What the task requires: If a record contains a picture, leave the picture out and transcribe everything else exactly.

Data records:
· · ·
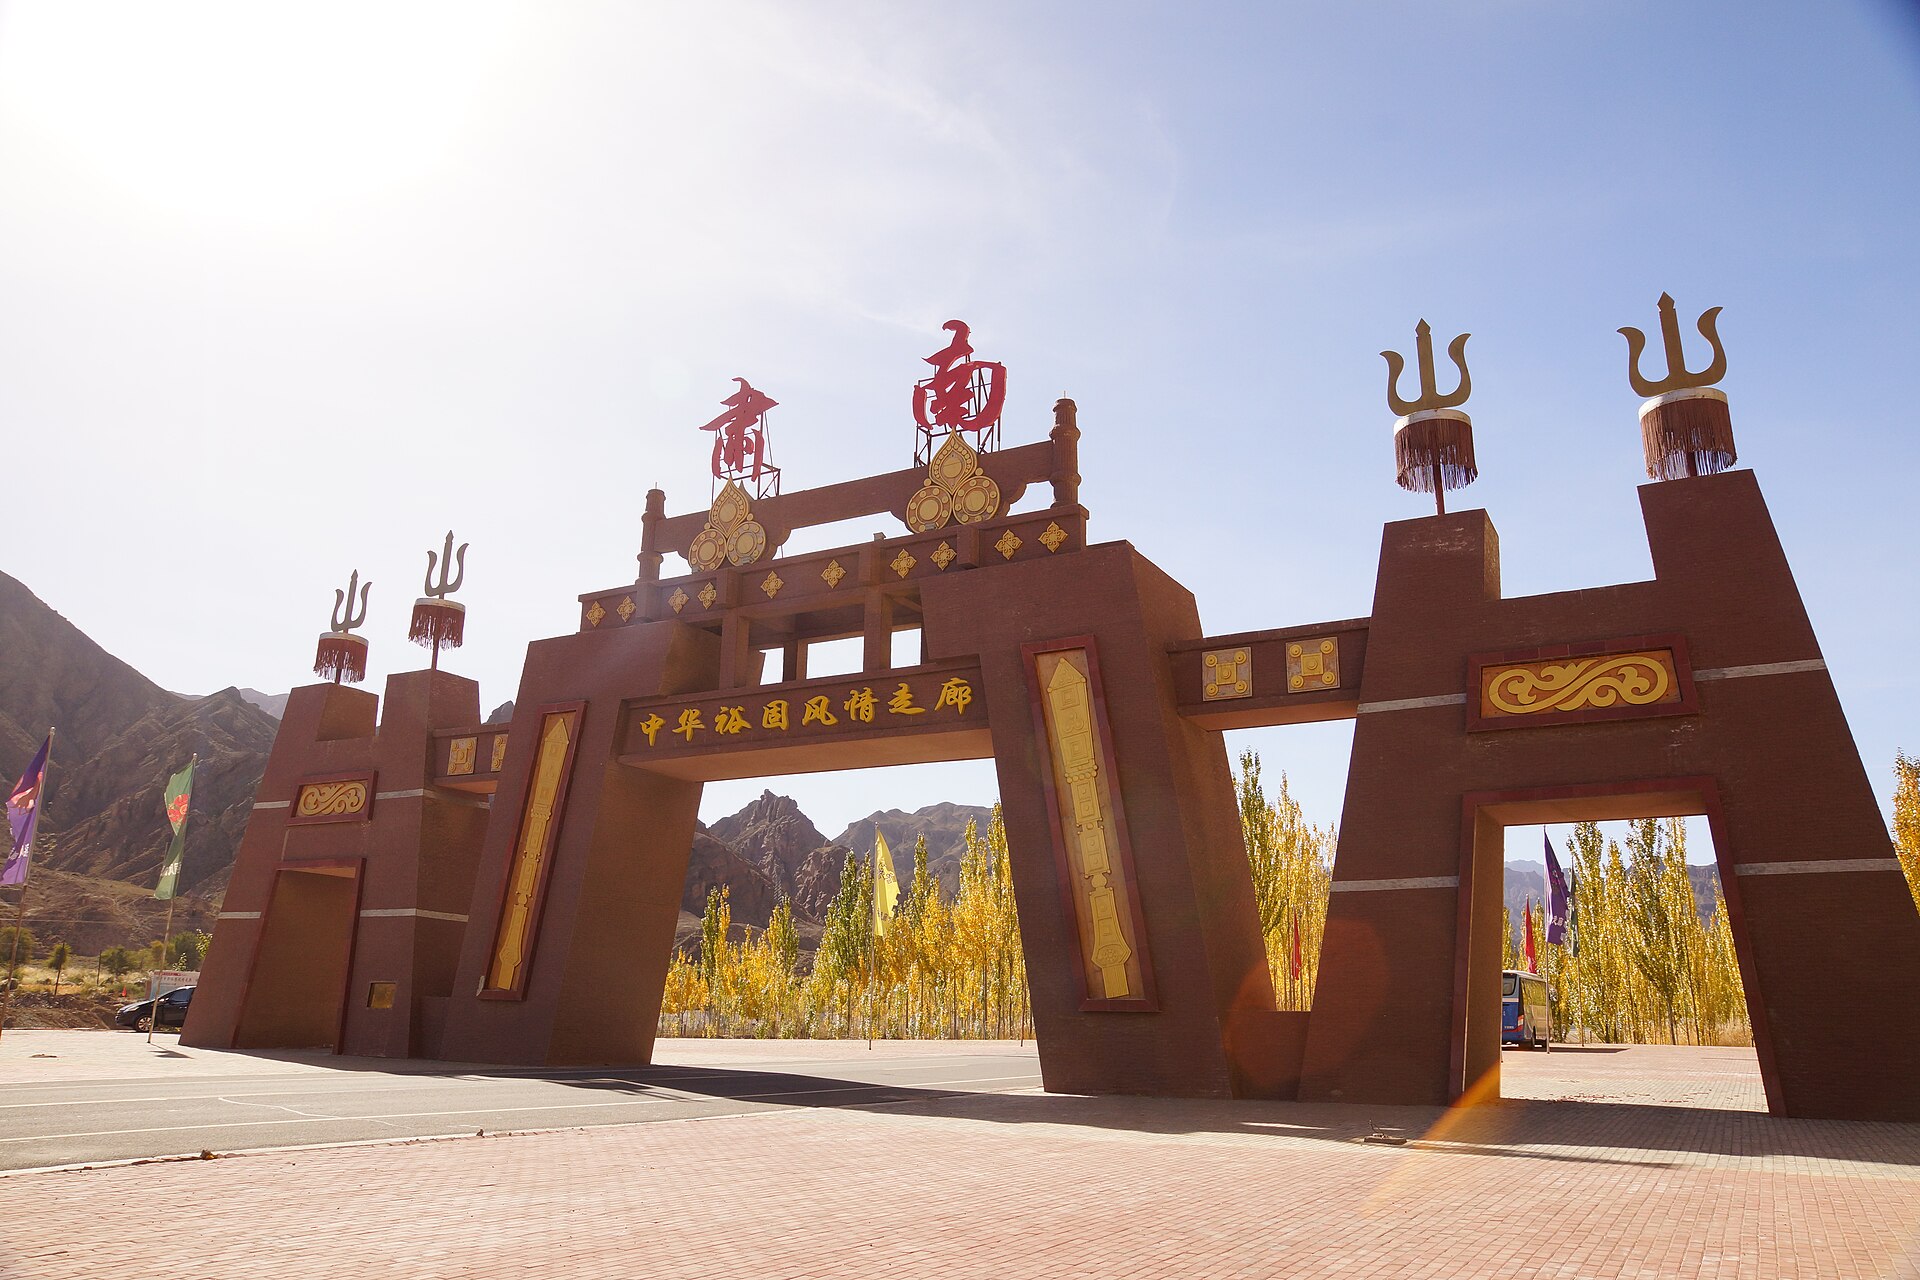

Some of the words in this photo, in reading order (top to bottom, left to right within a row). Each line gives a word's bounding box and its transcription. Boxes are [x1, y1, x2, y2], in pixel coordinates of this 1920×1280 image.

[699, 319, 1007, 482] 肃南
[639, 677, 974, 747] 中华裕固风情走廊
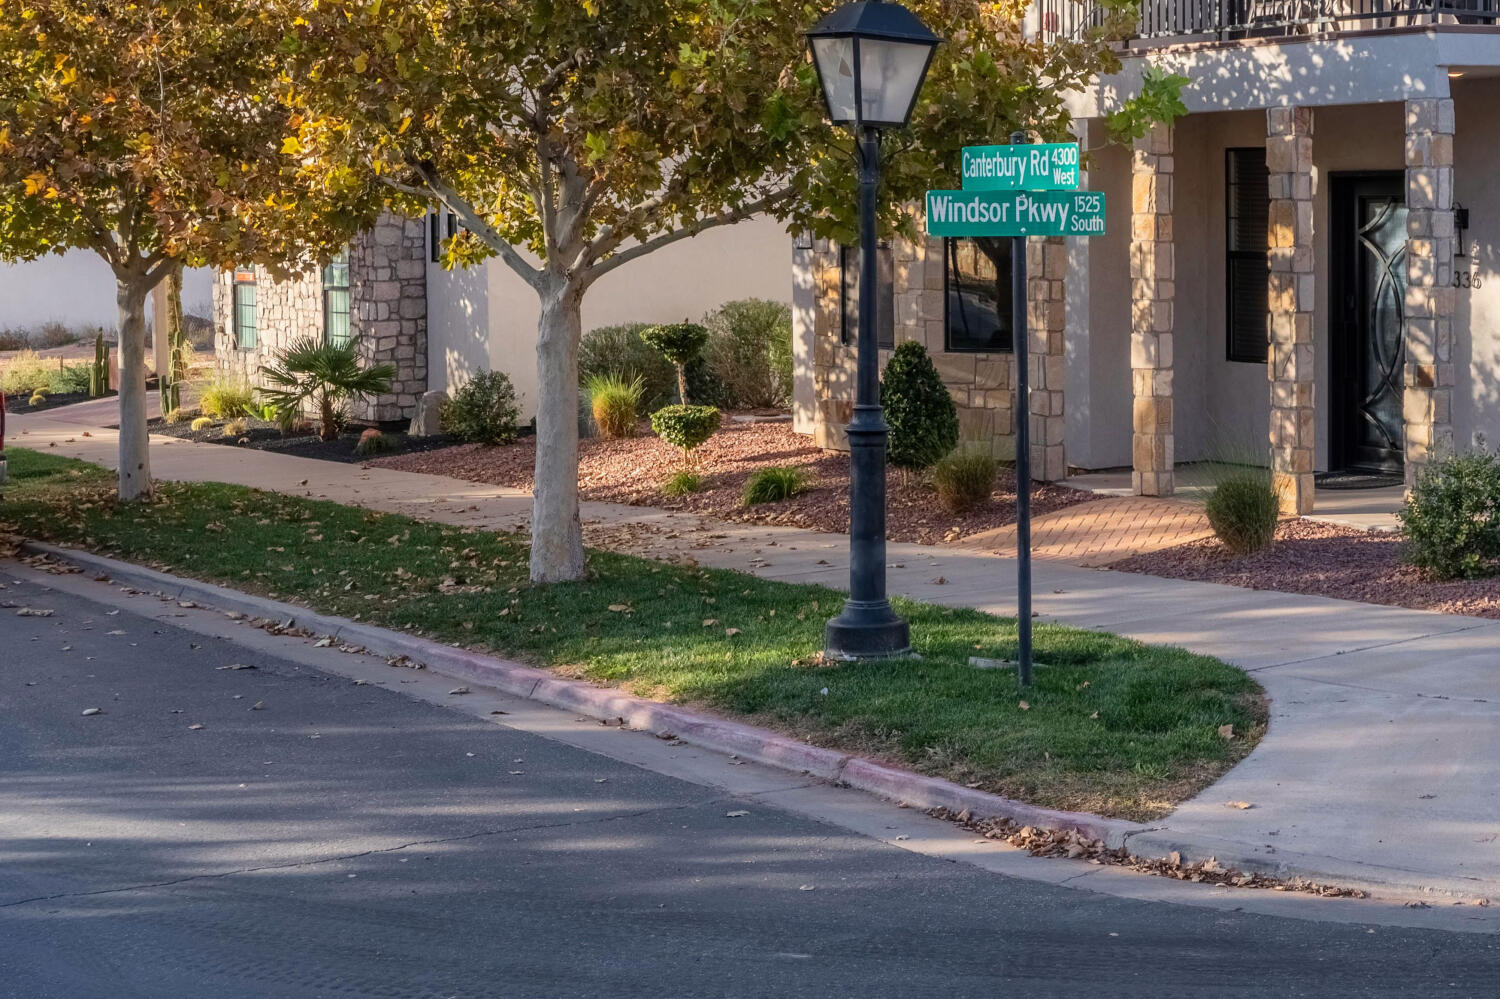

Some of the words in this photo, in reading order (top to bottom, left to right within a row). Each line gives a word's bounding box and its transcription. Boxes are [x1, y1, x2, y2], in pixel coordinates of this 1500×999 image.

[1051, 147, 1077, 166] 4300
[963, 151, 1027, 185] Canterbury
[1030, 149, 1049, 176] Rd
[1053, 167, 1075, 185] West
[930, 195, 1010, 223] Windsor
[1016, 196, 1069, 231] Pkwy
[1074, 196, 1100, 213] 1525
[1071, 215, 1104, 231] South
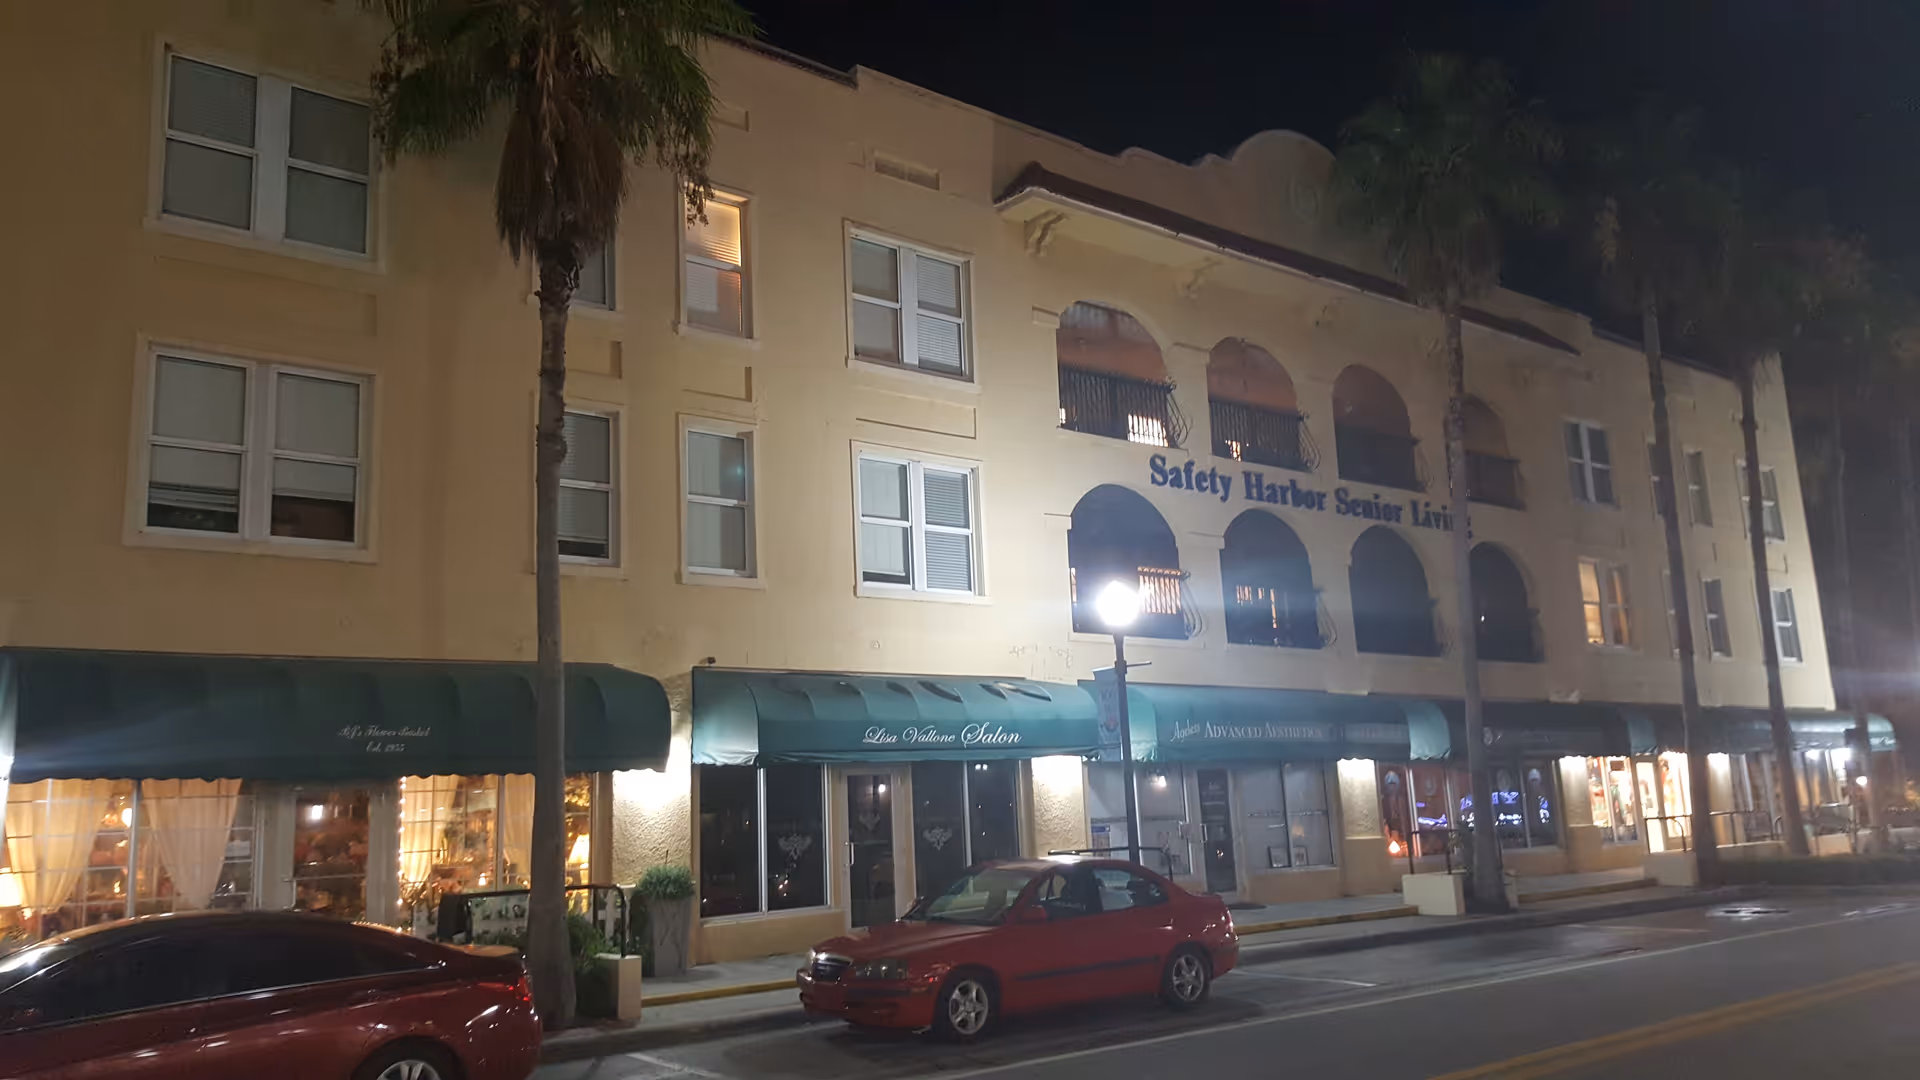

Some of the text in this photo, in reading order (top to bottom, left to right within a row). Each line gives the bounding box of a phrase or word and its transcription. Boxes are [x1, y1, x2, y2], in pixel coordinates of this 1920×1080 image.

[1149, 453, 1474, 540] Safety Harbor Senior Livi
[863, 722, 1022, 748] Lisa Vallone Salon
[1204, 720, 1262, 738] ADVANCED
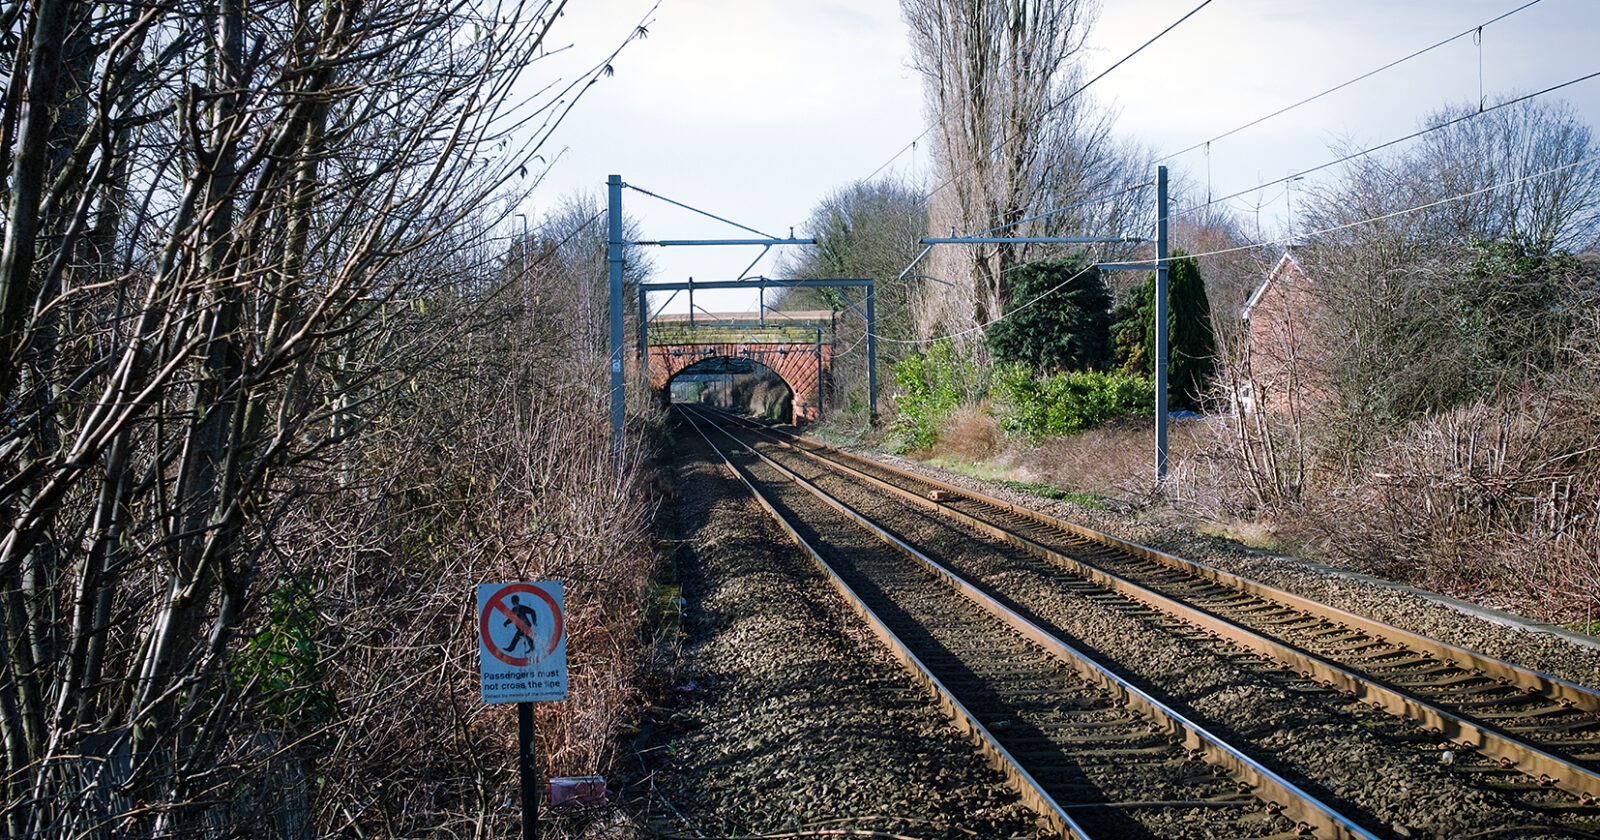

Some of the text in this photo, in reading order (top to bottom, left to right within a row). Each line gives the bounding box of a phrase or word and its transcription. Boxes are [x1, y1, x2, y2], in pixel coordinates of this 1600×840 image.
· · ·
Answer for this exercise:
Some of the words in this photo, in reading order (top to bottom, left to right within a row). Each line gives a word's bounding box and its transcription. Boxes are [x1, y1, x2, y2], in pixel coordinates of this 1920×1280 image.

[699, 319, 1007, 482] 肃南
[639, 677, 974, 747] 中华裕固风情走廊

Some of the words in this photo, in reading order (top to bottom, left to right within a row). Each line gives a word's bounding box and its transcription. Boxes are [x1, y1, x2, y2], in pixel coordinates of this 1500×999 image.

[1051, 147, 1077, 166] 4300
[963, 151, 1027, 185] Canterbury
[1030, 149, 1049, 176] Rd
[1053, 167, 1075, 185] West
[930, 195, 1010, 223] Windsor
[1016, 196, 1069, 231] Pkwy
[1074, 196, 1100, 213] 1525
[1071, 215, 1104, 231] South

Some of the text in this photo, in reading order (top to bottom, left to right within a row). Each line gives the bounding box of a phrase or word and its transcription. Boxes are [x1, y1, x2, y2], in pixel coordinates of this 1920×1080 image.

[1149, 453, 1474, 540] Safety Harbor Senior Livi
[863, 722, 1022, 748] Lisa Vallone Salon
[1204, 720, 1262, 738] ADVANCED

Some of the text in this photo, in reading order (top to bottom, left to right within a row). Each line gives the bounding box of a phrase or word and its transcription. Boxes are [x1, y1, x2, y2], in pixel coordinates of this 1600×840 image.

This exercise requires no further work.